From the data below, restate every line word for word.
• • • • •
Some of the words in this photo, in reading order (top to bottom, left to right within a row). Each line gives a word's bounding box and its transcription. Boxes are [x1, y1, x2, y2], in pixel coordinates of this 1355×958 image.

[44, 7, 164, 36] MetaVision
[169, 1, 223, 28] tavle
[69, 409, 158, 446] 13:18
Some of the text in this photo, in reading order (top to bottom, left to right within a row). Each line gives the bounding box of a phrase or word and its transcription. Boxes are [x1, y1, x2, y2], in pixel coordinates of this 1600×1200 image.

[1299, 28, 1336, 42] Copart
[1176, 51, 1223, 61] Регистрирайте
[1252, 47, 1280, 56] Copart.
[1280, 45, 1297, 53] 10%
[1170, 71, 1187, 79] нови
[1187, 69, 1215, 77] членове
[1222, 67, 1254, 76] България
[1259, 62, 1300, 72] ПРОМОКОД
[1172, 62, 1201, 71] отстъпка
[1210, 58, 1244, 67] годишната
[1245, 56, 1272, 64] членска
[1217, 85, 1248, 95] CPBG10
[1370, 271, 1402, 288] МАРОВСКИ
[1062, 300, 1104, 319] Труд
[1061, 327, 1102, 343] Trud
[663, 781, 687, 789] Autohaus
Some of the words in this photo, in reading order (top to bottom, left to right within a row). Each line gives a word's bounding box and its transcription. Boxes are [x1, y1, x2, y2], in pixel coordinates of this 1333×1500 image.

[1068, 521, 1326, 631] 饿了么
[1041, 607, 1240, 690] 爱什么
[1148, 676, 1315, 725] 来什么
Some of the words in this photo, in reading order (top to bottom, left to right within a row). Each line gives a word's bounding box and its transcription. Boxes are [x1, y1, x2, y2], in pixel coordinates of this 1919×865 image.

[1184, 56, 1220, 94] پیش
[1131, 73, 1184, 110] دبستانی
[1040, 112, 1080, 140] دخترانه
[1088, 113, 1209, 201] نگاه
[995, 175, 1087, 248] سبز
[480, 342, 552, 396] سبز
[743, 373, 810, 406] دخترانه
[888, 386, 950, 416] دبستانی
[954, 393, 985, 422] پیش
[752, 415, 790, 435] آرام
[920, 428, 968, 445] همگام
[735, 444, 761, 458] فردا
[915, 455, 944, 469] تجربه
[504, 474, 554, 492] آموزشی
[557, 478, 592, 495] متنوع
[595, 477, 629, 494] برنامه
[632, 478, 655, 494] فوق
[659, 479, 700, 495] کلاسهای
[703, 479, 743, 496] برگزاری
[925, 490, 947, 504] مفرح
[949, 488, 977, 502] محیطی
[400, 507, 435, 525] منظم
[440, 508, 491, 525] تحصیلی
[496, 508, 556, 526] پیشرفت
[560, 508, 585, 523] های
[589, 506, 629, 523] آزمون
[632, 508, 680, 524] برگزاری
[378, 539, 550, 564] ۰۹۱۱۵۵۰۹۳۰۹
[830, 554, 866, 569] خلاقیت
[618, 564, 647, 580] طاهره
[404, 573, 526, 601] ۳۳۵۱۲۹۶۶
• • • • •
OUTPUT FOR THIS EXERCISE.
Some of the words in this photo, in reading order (top to bottom, left to right within a row). Each line gives a word's bounding box and its transcription. Boxes are [x1, y1, x2, y2], in pixel coordinates of this 1355×958 image.

[44, 7, 164, 36] MetaVision
[169, 1, 223, 28] tavle
[69, 409, 158, 446] 13:18
Some of the text in this photo, in reading order (top to bottom, left to right within a row). Each line gives the bounding box of a phrase or word and its transcription. Boxes are [x1, y1, x2, y2], in pixel coordinates of this 1600×1200 image.

[1299, 28, 1336, 42] Copart
[1176, 51, 1223, 61] Регистрирайте
[1252, 47, 1280, 56] Copart.
[1280, 45, 1297, 53] 10%
[1170, 71, 1187, 79] нови
[1187, 69, 1215, 77] членове
[1222, 67, 1254, 76] България
[1259, 62, 1300, 72] ПРОМОКОД
[1172, 62, 1201, 71] отстъпка
[1210, 58, 1244, 67] годишната
[1245, 56, 1272, 64] членска
[1217, 85, 1248, 95] CPBG10
[1370, 271, 1402, 288] МАРОВСКИ
[1062, 300, 1104, 319] Труд
[1061, 327, 1102, 343] Trud
[663, 781, 687, 789] Autohaus
Some of the words in this photo, in reading order (top to bottom, left to right within a row). Each line gives a word's bounding box and its transcription. Boxes are [x1, y1, x2, y2], in pixel coordinates of this 1333×1500 image.

[1068, 521, 1326, 631] 饿了么
[1041, 607, 1240, 690] 爱什么
[1148, 676, 1315, 725] 来什么
Some of the words in this photo, in reading order (top to bottom, left to right within a row). Each line gives a word's bounding box and its transcription. Boxes are [x1, y1, x2, y2], in pixel coordinates of this 1919×865 image.

[1184, 56, 1220, 94] پیش
[1131, 73, 1184, 110] دبستانی
[1040, 112, 1080, 140] دخترانه
[1088, 113, 1209, 201] نگاه
[995, 175, 1087, 248] سبز
[480, 342, 552, 396] سبز
[743, 373, 810, 406] دخترانه
[888, 386, 950, 416] دبستانی
[954, 393, 985, 422] پیش
[752, 415, 790, 435] آرام
[920, 428, 968, 445] همگام
[735, 444, 761, 458] فردا
[915, 455, 944, 469] تجربه
[504, 474, 554, 492] آموزشی
[557, 478, 592, 495] متنوع
[595, 477, 629, 494] برنامه
[632, 478, 655, 494] فوق
[659, 479, 700, 495] کلاسهای
[703, 479, 743, 496] برگزاری
[925, 490, 947, 504] مفرح
[949, 488, 977, 502] محیطی
[400, 507, 435, 525] منظم
[440, 508, 491, 525] تحصیلی
[496, 508, 556, 526] پیشرفت
[560, 508, 585, 523] های
[589, 506, 629, 523] آزمون
[632, 508, 680, 524] برگزاری
[378, 539, 550, 564] ۰۹۱۱۵۵۰۹۳۰۹
[830, 554, 866, 569] خلاقیت
[618, 564, 647, 580] طاهره
[404, 573, 526, 601] ۳۳۵۱۲۹۶۶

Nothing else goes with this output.